Stand-in environment minister Pickles says that the cash-strapped Environment Agency should have spent millions to dredge the rivers Parrett and Tone, but this would not have prevented flooding.

The level of rainfall that has cascaded onto the Mendips, Quantocks and other hills in the area has been exceptional and could not have been contained by the river network.

Flooding is not an aberration for the Somerset Levels. It is the natural scheme of things. It is a flood plain.

The prevalence of the Anglo-Saxon suffix “-ney” on local settlements indicates “islands” among the swamps that were drained for use as farmland, but drainage does not prevent flooding.

Nor does dredging, especially in an area where the level of much of the land is below that of the rivers.

Pickles’s populist espousal of the dredging demand made by thuggish oaf and local Tory MP Ian Liddell-Granger owes more to political motives than a genuine belief that it will improve matters for the people driven from their homes by rising water levels.

Liddell-Granger’s demand for state aid is hypocritical given his support for the coalition’s vicious public spending cuts.

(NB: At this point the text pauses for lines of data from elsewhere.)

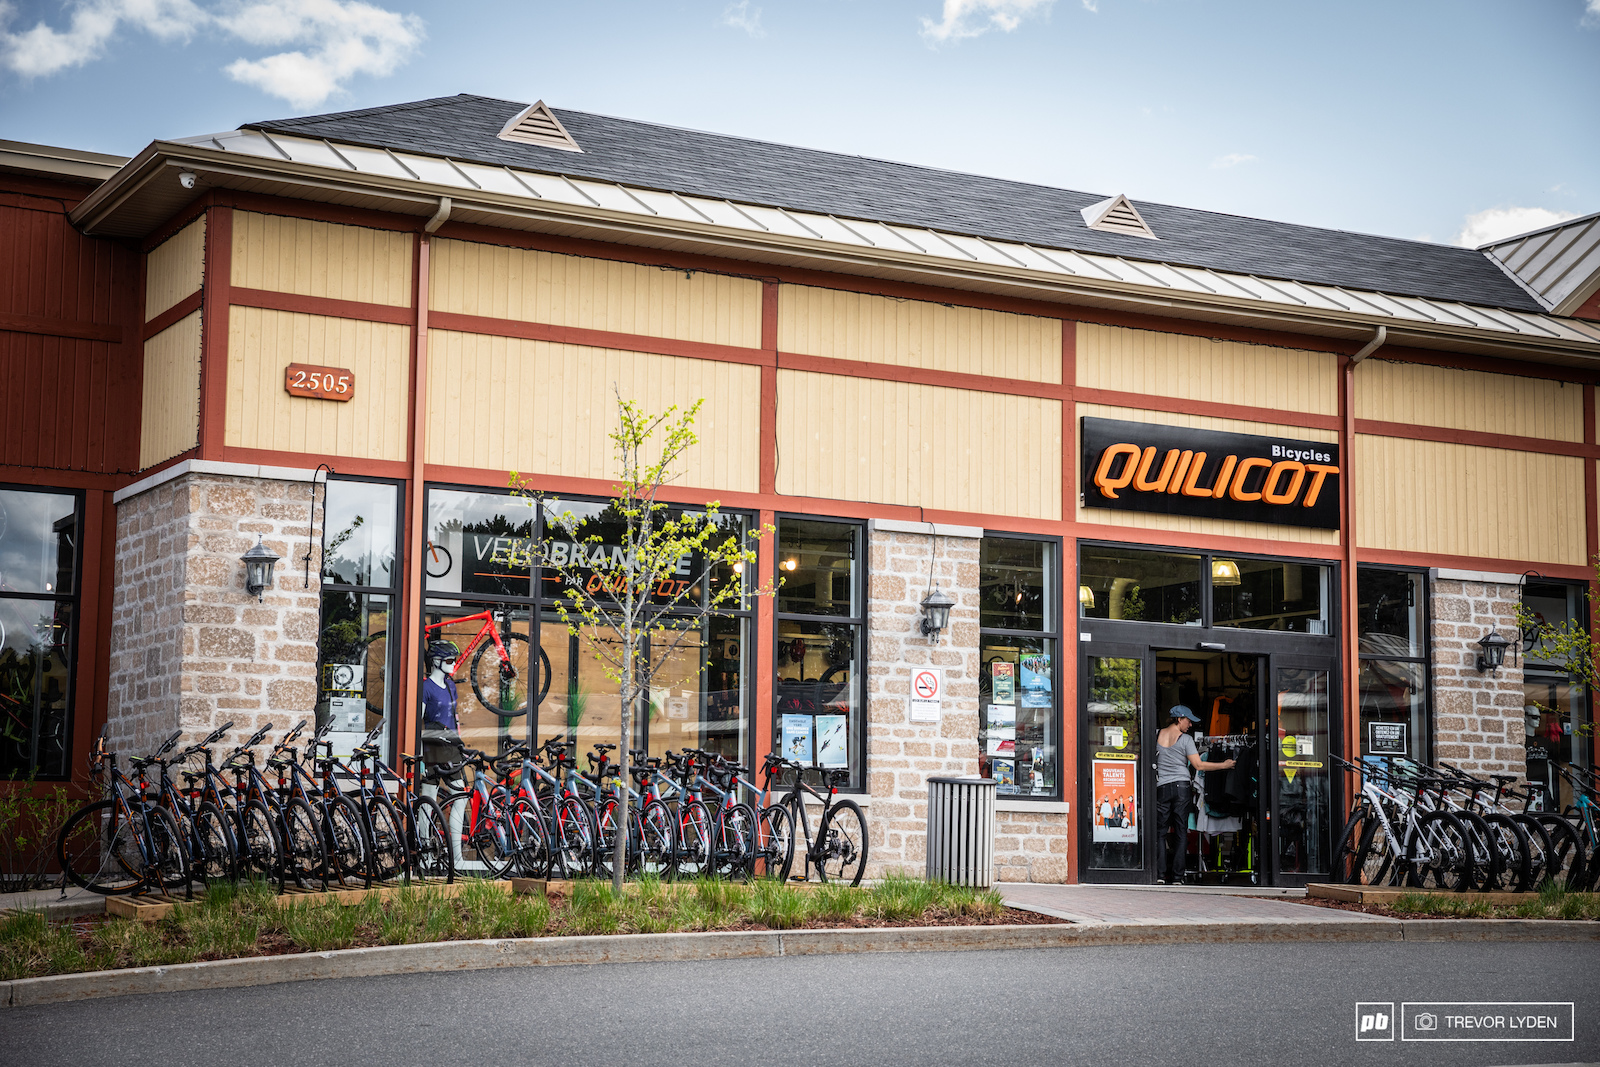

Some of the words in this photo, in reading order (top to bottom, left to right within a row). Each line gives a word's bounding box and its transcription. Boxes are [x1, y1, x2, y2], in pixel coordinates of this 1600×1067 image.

[292, 370, 349, 394] 2505
[1271, 444, 1331, 463] Bicycles
[1093, 443, 1340, 507] QUILICOT
[565, 577, 583, 587] PAR
[586, 574, 690, 597] QUIOT

His personalised abuse of Environment Agency chairman Chris Smith, calling him a “git” and a “coward” and threatening to “stick his head down the loo,” exposes his motivation as the search for a scapegoat rather than a long-term solution.

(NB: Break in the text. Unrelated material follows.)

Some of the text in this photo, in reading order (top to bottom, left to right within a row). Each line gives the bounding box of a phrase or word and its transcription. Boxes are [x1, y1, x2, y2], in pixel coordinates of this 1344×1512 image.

Dredging the rivers will speed up their flow, carrying greater volumes of water and making floods more likely downstream.

Faster flow also tends to increase erosion of the banks, thereby promoting a build-up of silt, making floods more likely and sparking the same sterile circular debate over how best to manage heavy rainfall over a flood plain.

Environmental campaigner George Monbiot revealed recently the data from a major research programme, showing that water sinks into soil under trees at 67 times the rate at which it sinks into the soil under grass.

He pointed out the results of an experiment at Pontbren, near Llanfair Caereinion in Powys, where local hill farmers, in concert with the Woodland Trust, have taken a more imaginative and less technologically driven approach over the past dozen years.

Planting trees and shrubs, creating ponds and restoring hedges are at variance with government orthodoxy and the grants regime of the European Union, but these measures have substantially reduced water run-off and had a positive effect on their sheep-raising businesses.

Instead of proposing a solution designed to deliver dividends at next year’s general election, politicians should accept that flooding will occur more often because of global warming.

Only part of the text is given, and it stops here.